**SUPPLIED MATERIAL**
/---

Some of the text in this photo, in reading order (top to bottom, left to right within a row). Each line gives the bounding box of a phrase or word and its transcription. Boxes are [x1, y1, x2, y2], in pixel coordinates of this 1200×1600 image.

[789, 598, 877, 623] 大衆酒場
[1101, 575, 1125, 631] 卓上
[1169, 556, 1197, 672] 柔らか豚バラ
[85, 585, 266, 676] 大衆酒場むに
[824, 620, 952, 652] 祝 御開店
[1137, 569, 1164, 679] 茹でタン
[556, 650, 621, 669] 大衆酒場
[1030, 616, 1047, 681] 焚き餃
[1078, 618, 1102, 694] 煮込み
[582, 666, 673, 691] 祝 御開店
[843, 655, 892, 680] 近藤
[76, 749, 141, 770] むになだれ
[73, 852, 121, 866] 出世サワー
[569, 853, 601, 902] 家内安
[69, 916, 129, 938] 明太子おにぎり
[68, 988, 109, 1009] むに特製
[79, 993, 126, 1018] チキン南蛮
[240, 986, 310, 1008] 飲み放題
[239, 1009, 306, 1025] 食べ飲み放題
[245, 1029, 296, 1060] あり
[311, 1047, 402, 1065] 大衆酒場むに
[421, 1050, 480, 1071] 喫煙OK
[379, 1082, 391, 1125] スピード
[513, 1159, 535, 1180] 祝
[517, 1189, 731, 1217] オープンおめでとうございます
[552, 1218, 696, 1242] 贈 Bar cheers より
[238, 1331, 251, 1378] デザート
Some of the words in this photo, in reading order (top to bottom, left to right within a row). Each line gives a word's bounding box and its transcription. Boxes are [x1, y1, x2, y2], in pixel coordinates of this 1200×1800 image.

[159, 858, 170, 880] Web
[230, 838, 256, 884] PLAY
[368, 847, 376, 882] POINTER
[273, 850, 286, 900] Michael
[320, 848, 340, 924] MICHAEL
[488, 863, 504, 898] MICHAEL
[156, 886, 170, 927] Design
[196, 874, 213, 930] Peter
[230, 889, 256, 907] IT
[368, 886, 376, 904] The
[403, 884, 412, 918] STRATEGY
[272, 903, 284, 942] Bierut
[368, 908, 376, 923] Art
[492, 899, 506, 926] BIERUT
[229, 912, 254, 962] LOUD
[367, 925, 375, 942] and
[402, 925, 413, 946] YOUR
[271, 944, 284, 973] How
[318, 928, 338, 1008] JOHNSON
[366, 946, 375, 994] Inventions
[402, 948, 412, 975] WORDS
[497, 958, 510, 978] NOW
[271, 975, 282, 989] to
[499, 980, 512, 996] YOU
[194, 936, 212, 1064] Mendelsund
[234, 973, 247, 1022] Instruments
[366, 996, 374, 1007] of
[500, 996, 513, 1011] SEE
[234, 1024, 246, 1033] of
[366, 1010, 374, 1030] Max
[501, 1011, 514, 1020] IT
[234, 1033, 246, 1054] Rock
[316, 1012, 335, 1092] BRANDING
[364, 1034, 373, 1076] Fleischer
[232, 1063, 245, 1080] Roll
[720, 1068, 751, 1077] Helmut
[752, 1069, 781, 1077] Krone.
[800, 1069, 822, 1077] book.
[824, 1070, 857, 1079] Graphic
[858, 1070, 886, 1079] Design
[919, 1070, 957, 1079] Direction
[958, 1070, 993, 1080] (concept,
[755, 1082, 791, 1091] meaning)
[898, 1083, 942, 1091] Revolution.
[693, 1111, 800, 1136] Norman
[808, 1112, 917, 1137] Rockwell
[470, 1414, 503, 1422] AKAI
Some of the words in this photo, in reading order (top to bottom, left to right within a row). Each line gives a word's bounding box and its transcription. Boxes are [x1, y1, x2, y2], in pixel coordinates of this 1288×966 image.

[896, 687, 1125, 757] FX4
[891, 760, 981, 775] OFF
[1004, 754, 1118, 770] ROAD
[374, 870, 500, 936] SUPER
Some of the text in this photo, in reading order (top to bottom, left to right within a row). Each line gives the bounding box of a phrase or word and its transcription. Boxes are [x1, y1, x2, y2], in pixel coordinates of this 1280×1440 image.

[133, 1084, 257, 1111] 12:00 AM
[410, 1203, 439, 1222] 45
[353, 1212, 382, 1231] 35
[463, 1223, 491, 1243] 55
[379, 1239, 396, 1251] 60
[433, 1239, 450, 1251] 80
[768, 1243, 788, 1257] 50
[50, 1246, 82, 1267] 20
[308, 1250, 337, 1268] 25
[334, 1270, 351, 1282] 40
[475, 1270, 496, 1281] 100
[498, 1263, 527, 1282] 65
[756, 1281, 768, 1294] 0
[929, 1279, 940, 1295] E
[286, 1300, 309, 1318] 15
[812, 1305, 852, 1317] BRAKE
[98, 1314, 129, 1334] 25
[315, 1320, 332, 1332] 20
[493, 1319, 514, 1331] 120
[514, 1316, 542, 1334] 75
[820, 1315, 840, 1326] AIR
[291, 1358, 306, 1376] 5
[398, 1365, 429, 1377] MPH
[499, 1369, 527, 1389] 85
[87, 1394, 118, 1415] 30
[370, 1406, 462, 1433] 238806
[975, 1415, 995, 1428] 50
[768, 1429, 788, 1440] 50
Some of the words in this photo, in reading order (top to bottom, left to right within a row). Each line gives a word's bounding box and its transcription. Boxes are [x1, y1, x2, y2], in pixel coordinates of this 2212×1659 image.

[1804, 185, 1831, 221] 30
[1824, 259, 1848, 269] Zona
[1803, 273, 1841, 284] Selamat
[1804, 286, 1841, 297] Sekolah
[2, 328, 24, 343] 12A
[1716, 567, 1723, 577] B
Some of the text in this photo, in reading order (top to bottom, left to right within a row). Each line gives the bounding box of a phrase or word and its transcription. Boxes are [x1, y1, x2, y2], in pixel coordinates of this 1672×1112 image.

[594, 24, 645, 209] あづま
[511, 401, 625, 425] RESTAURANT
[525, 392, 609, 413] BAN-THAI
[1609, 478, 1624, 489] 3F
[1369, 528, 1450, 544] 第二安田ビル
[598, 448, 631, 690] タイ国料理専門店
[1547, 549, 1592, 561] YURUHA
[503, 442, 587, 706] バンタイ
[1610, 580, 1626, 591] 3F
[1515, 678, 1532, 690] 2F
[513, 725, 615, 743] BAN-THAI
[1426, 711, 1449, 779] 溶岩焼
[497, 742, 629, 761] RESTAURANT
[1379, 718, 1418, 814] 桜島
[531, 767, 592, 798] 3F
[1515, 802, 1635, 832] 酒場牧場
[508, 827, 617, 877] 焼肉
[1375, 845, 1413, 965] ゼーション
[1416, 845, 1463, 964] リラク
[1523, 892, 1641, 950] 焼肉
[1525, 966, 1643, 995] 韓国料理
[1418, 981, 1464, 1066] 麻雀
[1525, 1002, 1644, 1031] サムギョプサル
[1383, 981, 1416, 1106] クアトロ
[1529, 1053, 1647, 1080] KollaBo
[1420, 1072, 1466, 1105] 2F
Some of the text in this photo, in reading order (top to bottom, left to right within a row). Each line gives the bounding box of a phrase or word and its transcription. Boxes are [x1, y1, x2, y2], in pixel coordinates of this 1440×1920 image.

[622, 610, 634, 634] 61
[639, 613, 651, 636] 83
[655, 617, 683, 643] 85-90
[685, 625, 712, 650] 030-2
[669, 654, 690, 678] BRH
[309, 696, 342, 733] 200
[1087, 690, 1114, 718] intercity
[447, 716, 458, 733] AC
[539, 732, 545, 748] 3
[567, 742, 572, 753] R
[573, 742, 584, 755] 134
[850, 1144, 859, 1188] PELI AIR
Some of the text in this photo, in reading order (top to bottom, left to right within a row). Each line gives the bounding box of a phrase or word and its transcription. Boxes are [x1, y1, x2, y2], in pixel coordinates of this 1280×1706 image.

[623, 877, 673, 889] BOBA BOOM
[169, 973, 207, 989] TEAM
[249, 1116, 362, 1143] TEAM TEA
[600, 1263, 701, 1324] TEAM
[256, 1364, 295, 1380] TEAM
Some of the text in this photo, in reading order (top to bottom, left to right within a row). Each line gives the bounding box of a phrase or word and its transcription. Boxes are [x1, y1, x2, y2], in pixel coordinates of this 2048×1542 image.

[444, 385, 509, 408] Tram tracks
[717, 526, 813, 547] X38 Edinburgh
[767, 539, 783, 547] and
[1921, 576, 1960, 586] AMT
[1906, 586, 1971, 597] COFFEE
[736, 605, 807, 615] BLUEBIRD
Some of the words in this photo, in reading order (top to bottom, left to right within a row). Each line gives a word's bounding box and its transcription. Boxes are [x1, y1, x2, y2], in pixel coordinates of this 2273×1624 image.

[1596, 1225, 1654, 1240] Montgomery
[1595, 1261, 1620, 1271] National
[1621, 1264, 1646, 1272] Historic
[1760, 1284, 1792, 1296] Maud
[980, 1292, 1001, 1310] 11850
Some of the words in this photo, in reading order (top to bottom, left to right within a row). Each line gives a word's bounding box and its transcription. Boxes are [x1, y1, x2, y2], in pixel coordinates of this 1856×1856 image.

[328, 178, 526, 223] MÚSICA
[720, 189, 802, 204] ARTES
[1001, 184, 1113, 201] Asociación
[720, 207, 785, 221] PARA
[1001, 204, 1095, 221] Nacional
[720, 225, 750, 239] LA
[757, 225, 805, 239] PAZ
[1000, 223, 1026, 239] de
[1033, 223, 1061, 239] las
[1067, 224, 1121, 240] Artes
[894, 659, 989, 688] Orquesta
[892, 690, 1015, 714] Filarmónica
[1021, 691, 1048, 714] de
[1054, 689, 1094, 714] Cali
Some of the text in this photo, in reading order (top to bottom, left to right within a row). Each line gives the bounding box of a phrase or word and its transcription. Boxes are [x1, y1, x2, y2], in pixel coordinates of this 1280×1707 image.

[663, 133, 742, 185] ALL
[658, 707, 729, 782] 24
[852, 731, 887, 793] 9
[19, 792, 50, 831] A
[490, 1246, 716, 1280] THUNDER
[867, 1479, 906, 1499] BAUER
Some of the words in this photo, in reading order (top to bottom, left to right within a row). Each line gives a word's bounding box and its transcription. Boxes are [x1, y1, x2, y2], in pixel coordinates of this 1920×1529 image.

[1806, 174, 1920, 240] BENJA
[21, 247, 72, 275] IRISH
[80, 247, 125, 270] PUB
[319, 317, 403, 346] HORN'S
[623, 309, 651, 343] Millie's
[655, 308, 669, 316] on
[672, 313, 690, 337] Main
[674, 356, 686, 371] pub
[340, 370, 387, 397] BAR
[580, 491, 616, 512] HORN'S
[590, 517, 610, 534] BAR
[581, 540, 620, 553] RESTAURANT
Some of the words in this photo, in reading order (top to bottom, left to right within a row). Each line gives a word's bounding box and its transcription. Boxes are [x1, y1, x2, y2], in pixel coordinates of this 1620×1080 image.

\---

Set each line down exactly, starting with the one that contains "this 1856×1856 image." and ending with the last line of the listing; add nothing else.

**RESULT FOR THIS EXERCISE**
Some of the words in this photo, in reading order (top to bottom, left to right within a row). Each line gives a word's bounding box and its transcription. Boxes are [x1, y1, x2, y2], in pixel coordinates of this 1856×1856 image.

[328, 178, 526, 223] MÚSICA
[720, 189, 802, 204] ARTES
[1001, 184, 1113, 201] Asociación
[720, 207, 785, 221] PARA
[1001, 204, 1095, 221] Nacional
[720, 225, 750, 239] LA
[757, 225, 805, 239] PAZ
[1000, 223, 1026, 239] de
[1033, 223, 1061, 239] las
[1067, 224, 1121, 240] Artes
[894, 659, 989, 688] Orquesta
[892, 690, 1015, 714] Filarmónica
[1021, 691, 1048, 714] de
[1054, 689, 1094, 714] Cali
Some of the text in this photo, in reading order (top to bottom, left to right within a row). Each line gives the bounding box of a phrase or word and its transcription. Boxes are [x1, y1, x2, y2], in pixel coordinates of this 1280×1707 image.

[663, 133, 742, 185] ALL
[658, 707, 729, 782] 24
[852, 731, 887, 793] 9
[19, 792, 50, 831] A
[490, 1246, 716, 1280] THUNDER
[867, 1479, 906, 1499] BAUER
Some of the words in this photo, in reading order (top to bottom, left to right within a row). Each line gives a word's bounding box and its transcription. Boxes are [x1, y1, x2, y2], in pixel coordinates of this 1920×1529 image.

[1806, 174, 1920, 240] BENJA
[21, 247, 72, 275] IRISH
[80, 247, 125, 270] PUB
[319, 317, 403, 346] HORN'S
[623, 309, 651, 343] Millie's
[655, 308, 669, 316] on
[672, 313, 690, 337] Main
[674, 356, 686, 371] pub
[340, 370, 387, 397] BAR
[580, 491, 616, 512] HORN'S
[590, 517, 610, 534] BAR
[581, 540, 620, 553] RESTAURANT
Some of the words in this photo, in reading order (top to bottom, left to right within a row). Each line gives a word's bounding box and its transcription. Boxes are [x1, y1, x2, y2], in pixel coordinates of this 1620×1080 image.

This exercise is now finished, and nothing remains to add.